Pour qui se prennent certains profs ?

Par Argoul

Après les 3 ans, les 17 ans. Veille du bac en section ‘S’. La philo est une matière marginale, mais qui devrait ouvrir sur le monde et replacer les maths à leur place d’outil merveilleux - mais de simple outil. Il ne dit rien sur les fins et il est utile de comprendre pourquoi. Or ne voilà-t-il pas qu’une certaine prof, loin de faire la pédagogie de sa matière, noie le poisson sous une déferlante de “corrigés” et autres documents “de méthode” qui sont aussi abscons qu’inutiles ?

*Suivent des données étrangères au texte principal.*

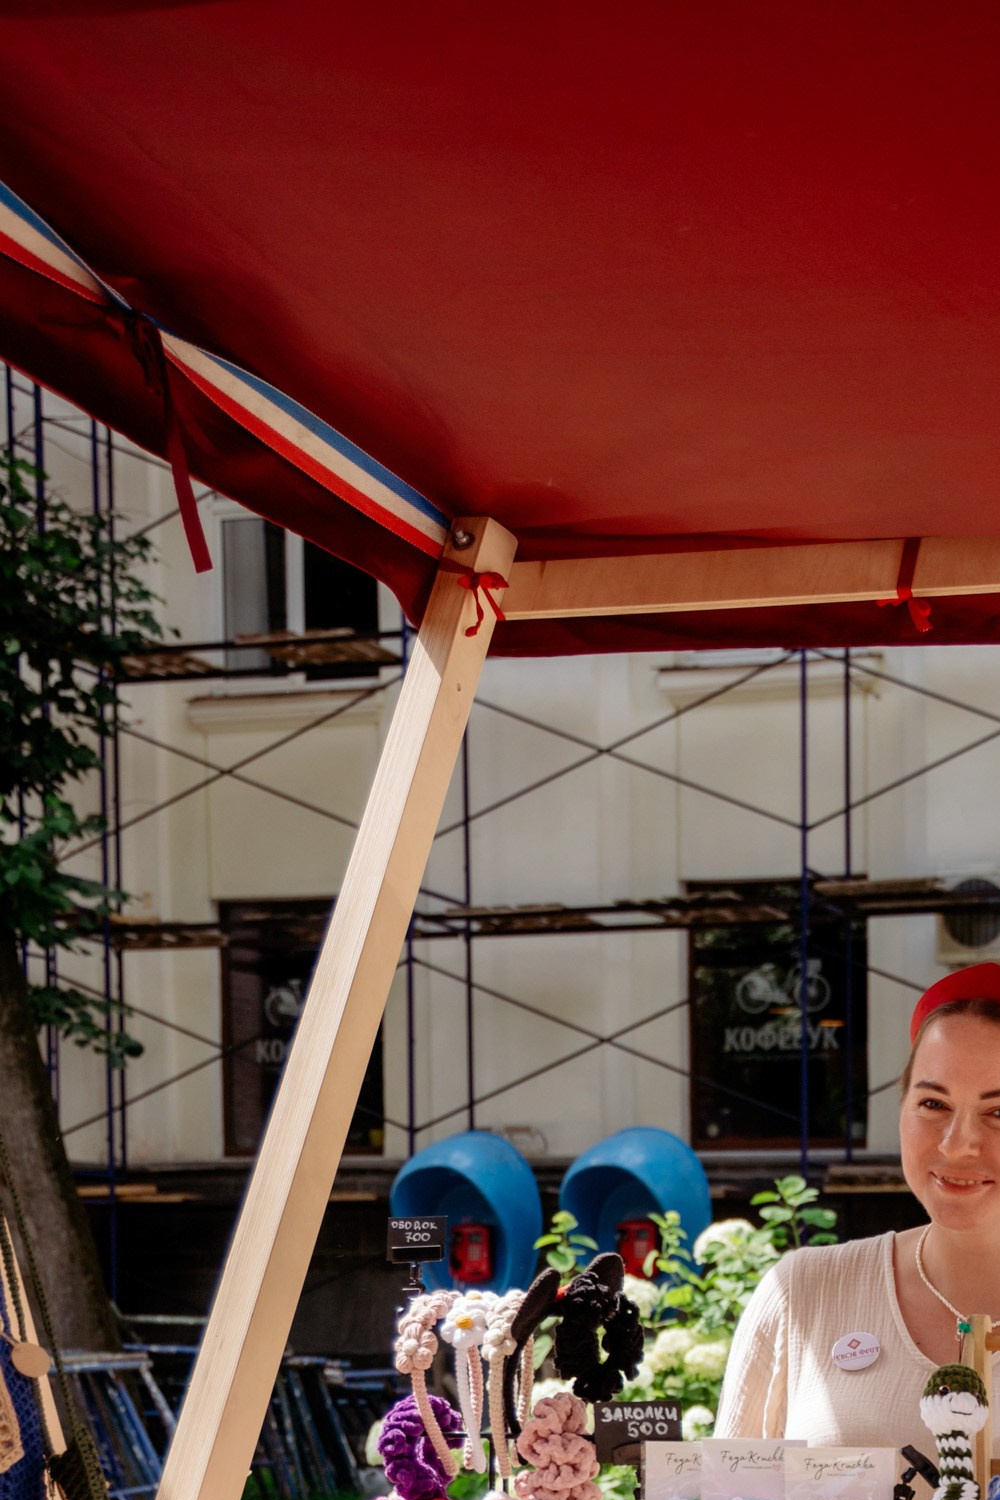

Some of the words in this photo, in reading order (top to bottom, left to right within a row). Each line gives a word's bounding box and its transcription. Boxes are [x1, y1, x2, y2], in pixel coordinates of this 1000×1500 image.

[405, 1232, 431, 1243] 700
[601, 1405, 678, 1423] ЗАКОЛКИ
[627, 1421, 669, 1438] 500

Est-ce par revanche sur ces élèves matheux qui sont censés “mépriser” la philo comme trop “littéraire” ? Est-ce par souci de se faire mousser en jargonnant ésotérique, pour bien marquer l’ignorance des élèves ? Toujours est-il que ce genre d’attitude, jamais remise en cause, jamais évaluée par le système, illustre les ravages de certains profs sur des élèves poussés à la compétition. Seuls s’en sortiront ceux qui seront aidés par des adultes compréhensifs qui repousseront les P.S ou P.O et les D1 et D2 dits “de méthode” (ouaf ! ouaf !) pour éclairer simplement : comment lire un sujet, comment bien définir les mots, comment argumenter.

Bien sûr, personne n’ose rien dire : ni les parents qui craignent que leur enfant soit sanctionné par une prof vexée, ni le Mammouth qui passe son temps à concocter des “rapports” sans jamais inspecter personne (quoi, deux fois dans une vie peut-être ?), ni la hiérarchie directe, qui craint bien trop “les syndicats”, ceux-ci crispés sur leurs petits zacquis - comme si bien faire son métier était une intolérable atteinte à l’égalitarisme.

Il faut être confronté à la chose pour se mettre en colère. Illustrons donc les dérives de certains profs dont j’ai l’exemple sous les yeux.

Le jargon : “La problématique est l’ensemble constitué par l’analyse de sens explicite et implicite du préjugé contenu dans le sujet (P.S.), et d’un implicite particulier constitué par ses présupposés, ses implications et ses connotations, et la remise en cause de l’ensemble des affirmations faites pour expliquer ce préjugé (énoncées dans le développement D1) grâce à une série d’interrogations qui permettent de comprendre pourquoi la question contenue dans le sujet se pose.” Ouf ! Vous n’avez rien compris ? Eh bien mettez-vous à la place d’un élève de 17 ans qui va devoir plancher dans quelques mois au bac… Il y a un sadisme de l’abstraction et de l’ésotérisme chez certains soi-disant “éducateurs” qui remplace très probablement le fouet d’hier. Un sadisme de la phrase à la Proust, sans le talent. Une prof de philo qui se sent ignorée ou méprisée, se prend pour Sartre et pond un “Etre et néant” à chaque phrase. Bravo la pédagogie !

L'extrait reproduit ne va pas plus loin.